(Extracted data entries)

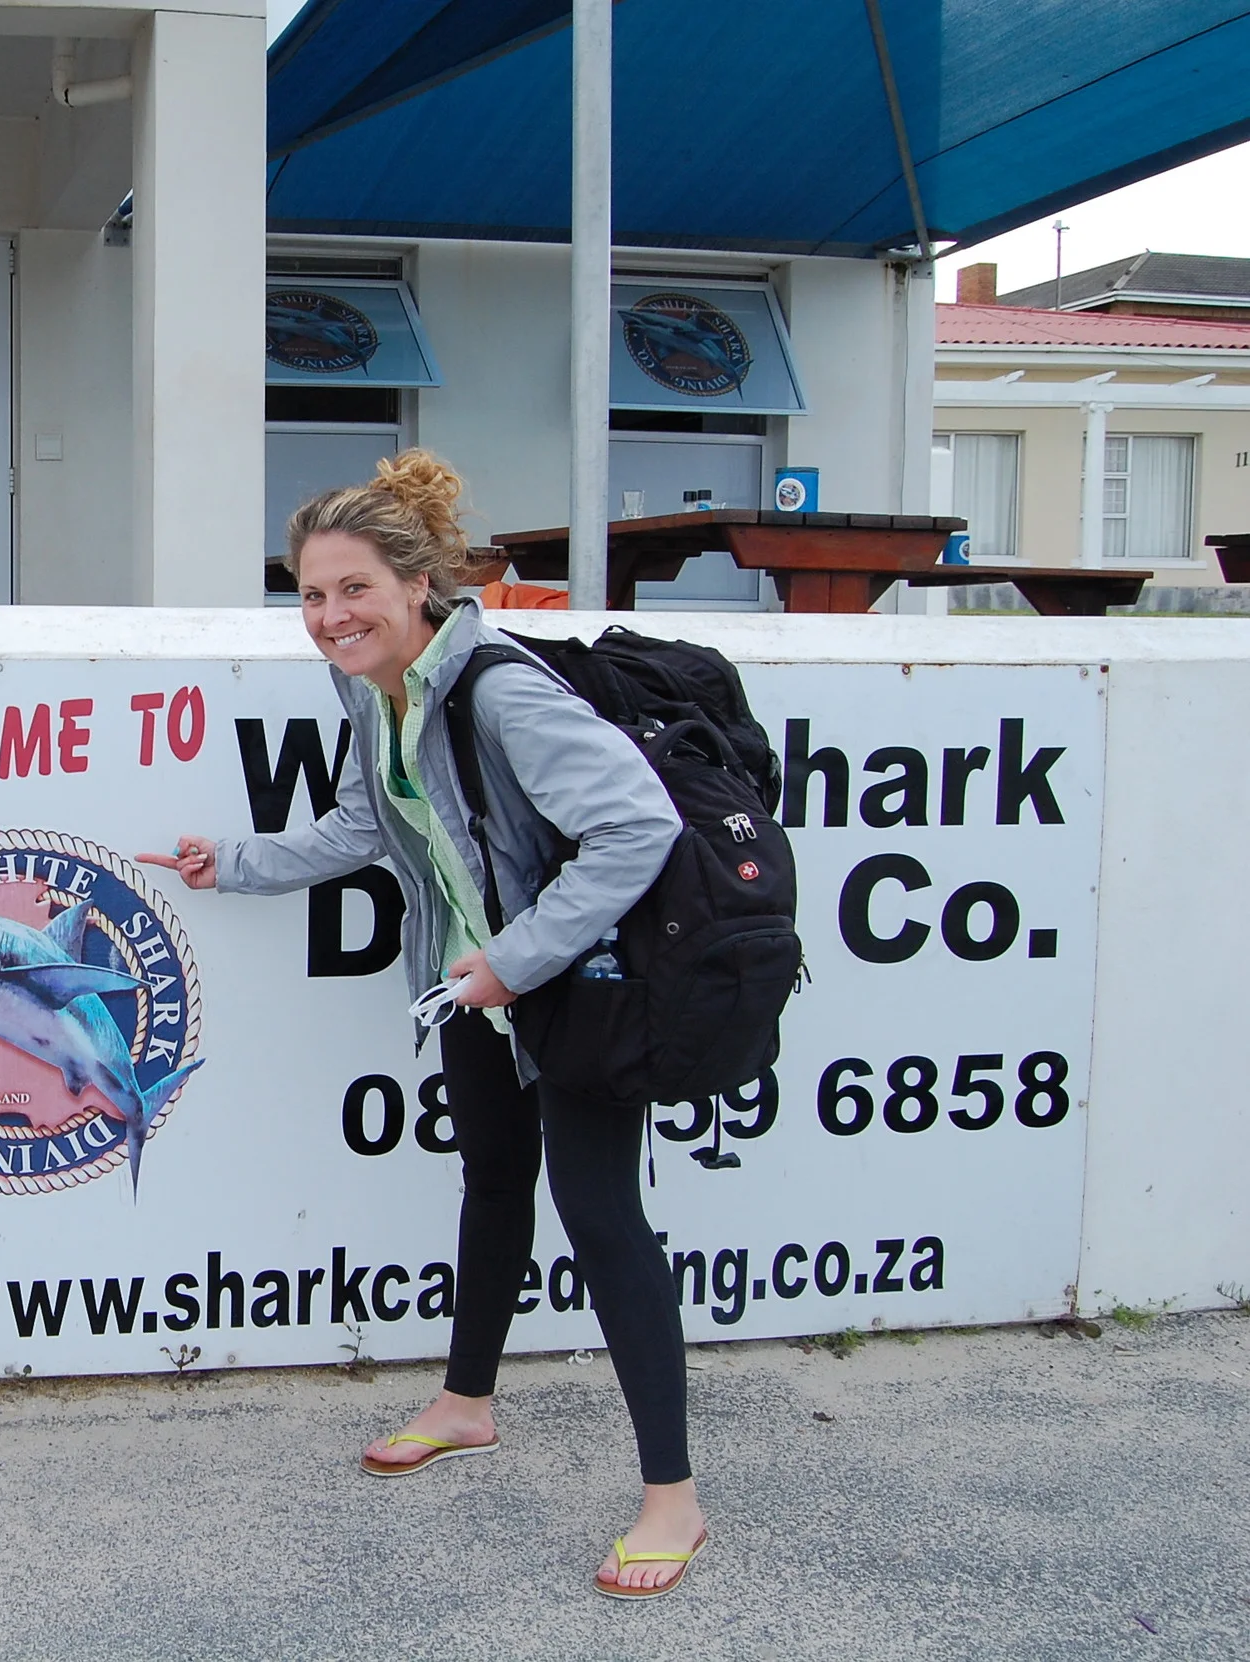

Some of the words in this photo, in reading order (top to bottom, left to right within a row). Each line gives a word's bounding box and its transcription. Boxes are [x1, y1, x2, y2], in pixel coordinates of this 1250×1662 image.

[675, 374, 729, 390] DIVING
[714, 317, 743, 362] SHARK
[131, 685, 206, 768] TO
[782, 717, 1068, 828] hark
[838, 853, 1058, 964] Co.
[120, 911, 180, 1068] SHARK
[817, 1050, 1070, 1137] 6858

:: What is required ::
The records above are to be reproduced exactly; the pictures are to be left out.

:: Solution below ::
Some of the words in this photo, in reading order (top to bottom, left to right within a row). Each line gives a word's bounding box and its transcription. Boxes are [x1, y1, x2, y2], in pixel coordinates of this 1250×1662 image.

[675, 374, 729, 390] DIVING
[714, 317, 743, 362] SHARK
[131, 685, 206, 768] TO
[782, 717, 1068, 828] hark
[838, 853, 1058, 964] Co.
[120, 911, 180, 1068] SHARK
[817, 1050, 1070, 1137] 6858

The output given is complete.